Fim da escala 6×1 passa pela CCJ e segue para nova fase

A análise realizada pela CCJ não abordou o conteúdo da proposta, mas apenas sua constitucionalidade e os critérios formais exigidos. O parecer foi apresentado pelo deputado Paulo Azi (União-BA), que já havia sinalizado posição favorável anteriormente, durante a fase em que houve pedido de vista.

Com a admissibilidade confirmada, a proposta avança no processo legislativo e abre espaço para debates mais aprofundados sobre as mudanças previstas nas regras trabalhistas.

Propostas em discussão sobre jornada de trabalho

Atualmente, a tramitação reúne duas iniciativas distintas que tratam da reorganização da jornada de trabalho e do modelo de escala.

Redução gradual da carga horária

Uma das propostas, de autoria do deputado Reginaldo Lopes (PT-MG), sugere a diminuição da jornada semanal de trabalho de 44 para 36 horas.
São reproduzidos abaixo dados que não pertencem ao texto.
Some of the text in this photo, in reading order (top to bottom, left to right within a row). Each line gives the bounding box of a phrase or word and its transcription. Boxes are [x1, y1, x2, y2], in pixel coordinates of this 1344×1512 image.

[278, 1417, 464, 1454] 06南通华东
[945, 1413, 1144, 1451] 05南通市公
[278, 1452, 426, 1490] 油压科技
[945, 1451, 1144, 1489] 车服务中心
A mudança seria implementada de forma progressiva ao longo de um período de dez anos, permitindo adaptação gradual do mercado.

Novo modelo de escala 4×3

Outra iniciativa, apresentada pela deputada Erika Hilton (Psol-SP), propõe uma alteração mais imediata. O texto defende a adoção da escala 4×3, em que o trabalhador atuaria por quatro dias e teria três dias de descanso, mantendo a remuneração.
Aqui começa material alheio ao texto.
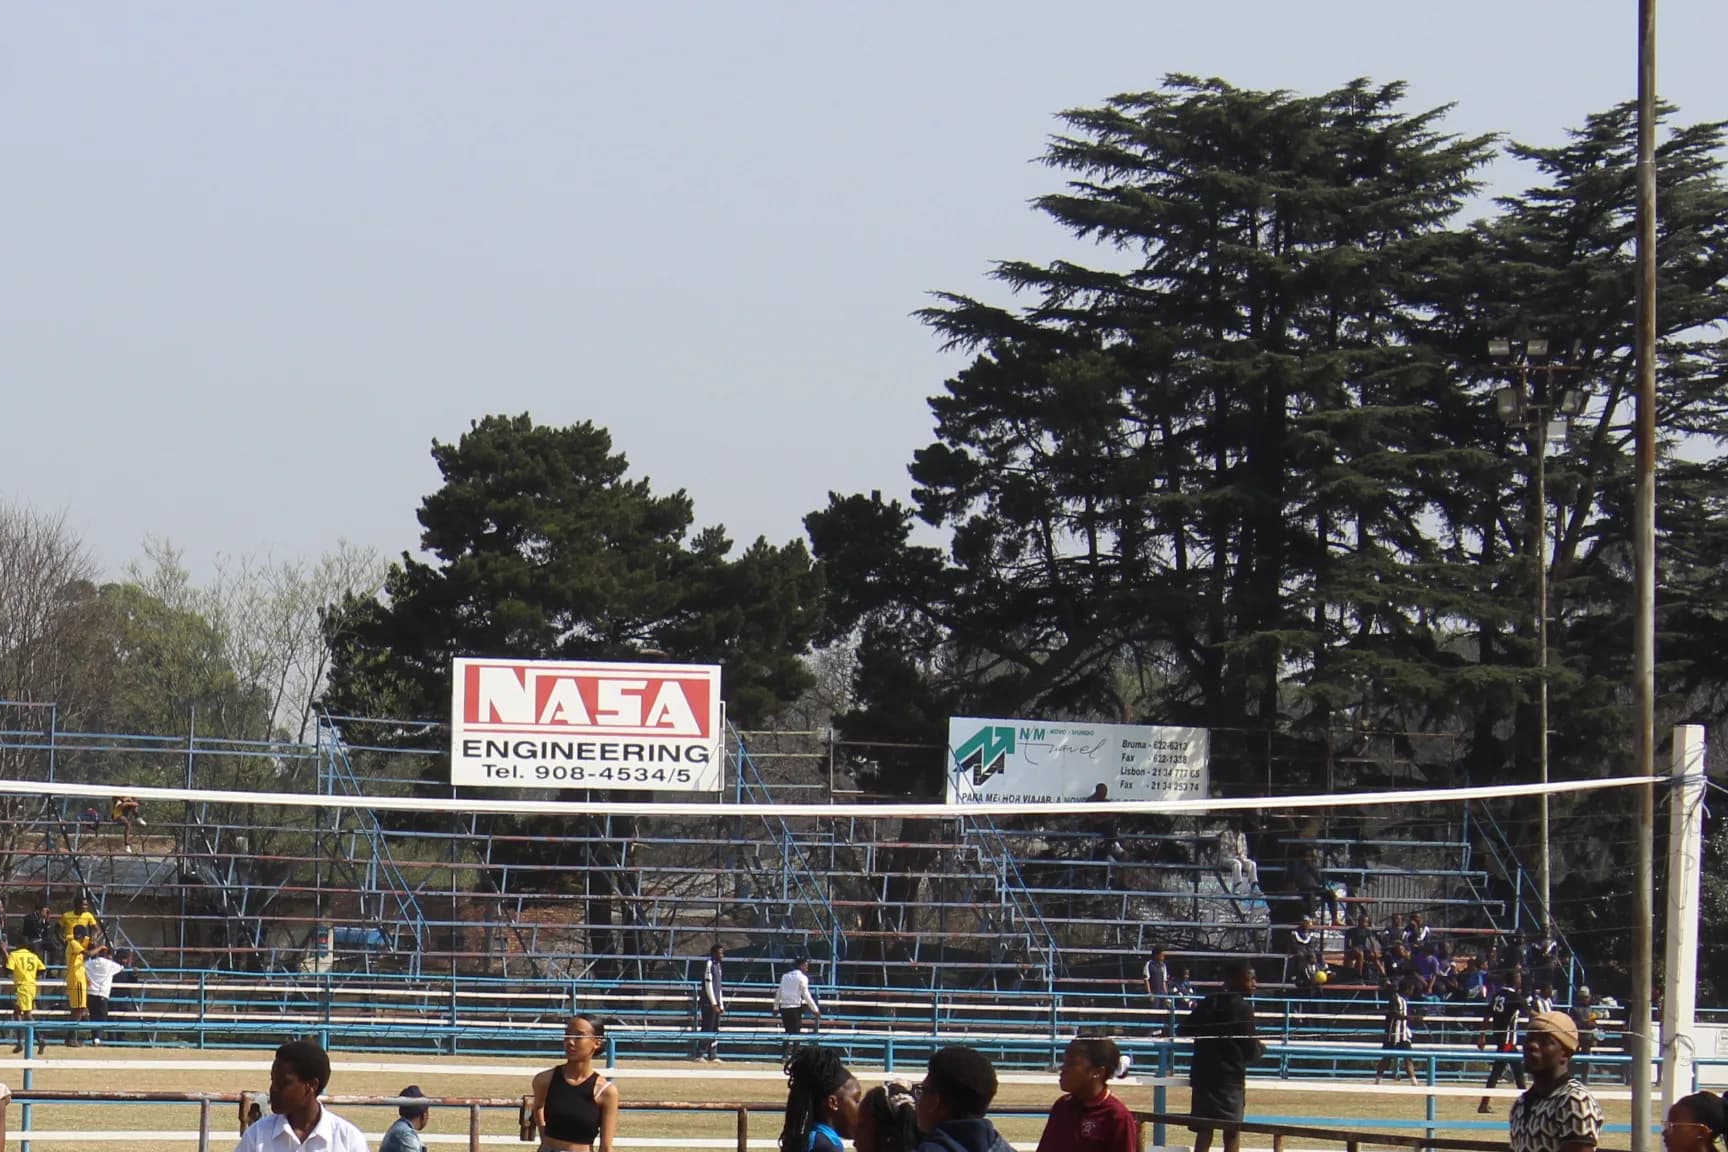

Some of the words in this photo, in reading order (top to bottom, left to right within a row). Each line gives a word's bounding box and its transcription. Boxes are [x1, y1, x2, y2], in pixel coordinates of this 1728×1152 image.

Impactos econômicos entram no centro do debate

Mesmo sem entrar no mérito da proposta nesta fase, o relator destacou pontos que devem dominar as discussões futuras. Entre eles, está a necessidade de equilíbrio entre as mudanças trabalhistas e os impactos sobre a economia.

Durante a apresentação do parecer, foi ressaltada a importância de um debate técnico, evitando distorções. Também foi mencionada a necessidade de planejamento para garantir uma transição segura entre os modelos atuais e os novos formatos propostos.
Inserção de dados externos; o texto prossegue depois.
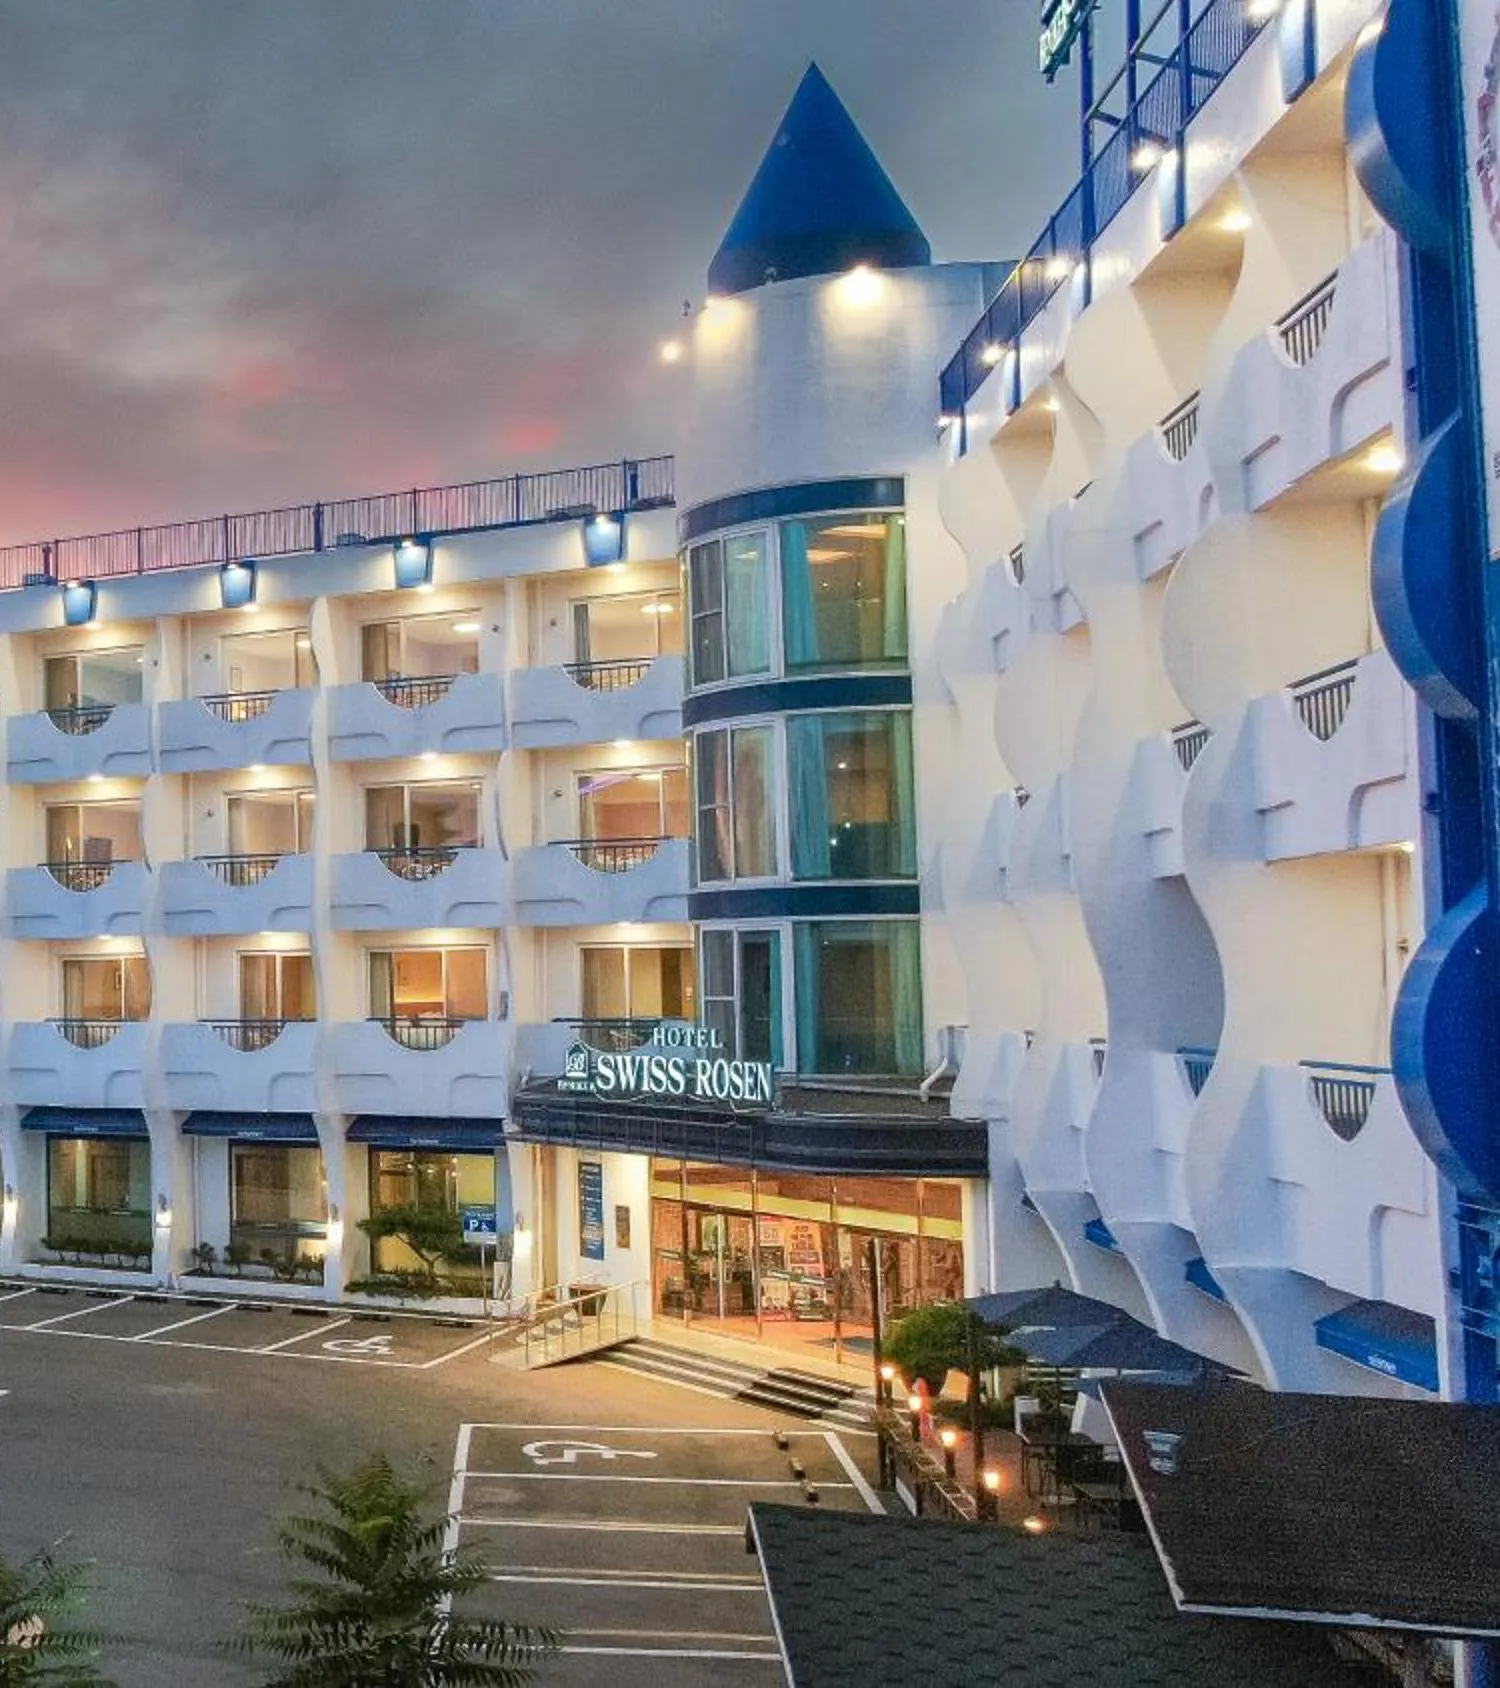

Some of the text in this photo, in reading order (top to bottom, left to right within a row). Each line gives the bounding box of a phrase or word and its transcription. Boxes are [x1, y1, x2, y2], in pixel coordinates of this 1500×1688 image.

[652, 1027, 723, 1048] HOTEL
[596, 1055, 686, 1094] SWISS
[694, 1059, 773, 1101] ROSEN
[469, 1219, 479, 1231] P
Principais pontos levantados

Entre os temas centrais que devem ser debatidos nas próximas etapas estão:

  • Redução da jornada semanal de trabalho;
  • Implementação gradual das mudanças;
  • Discussão sobre o fim da escala 6×1;
  • Manutenção dos salários como base da proposta.

Possíveis ajustes na comissão especial

Embora a CCJ não tenha alterado o texto, o relatório apresentado já indicou diretrizes que podem influenciar a próxima fase de tramitação.

Flexibilização das regras na Constituição

Uma das sinalizações é evitar que as normas sobre jornada e escalas sejam totalmente engessadas na Constituição. A proposta é permitir maior espaço para negociação coletiva entre empresas e trabalhadores.

Transição planejada

Outro ponto levantado é a necessidade de estabelecer regras claras para a implementação das mudanças, evitando impactos bruscos no mercado de trabalho.

Avaliação de medidas compensatórias

Também foi mencionada a possibilidade de adoção de mecanismos econômicos para reduzir eventuais custos para o setor produtivo, como políticas de desoneração.

Diferenças entre setores

O relator indicou ainda que os efeitos da redução da jornada podem variar conforme o setor econômico, sendo necessária uma análise específica para cada segmento.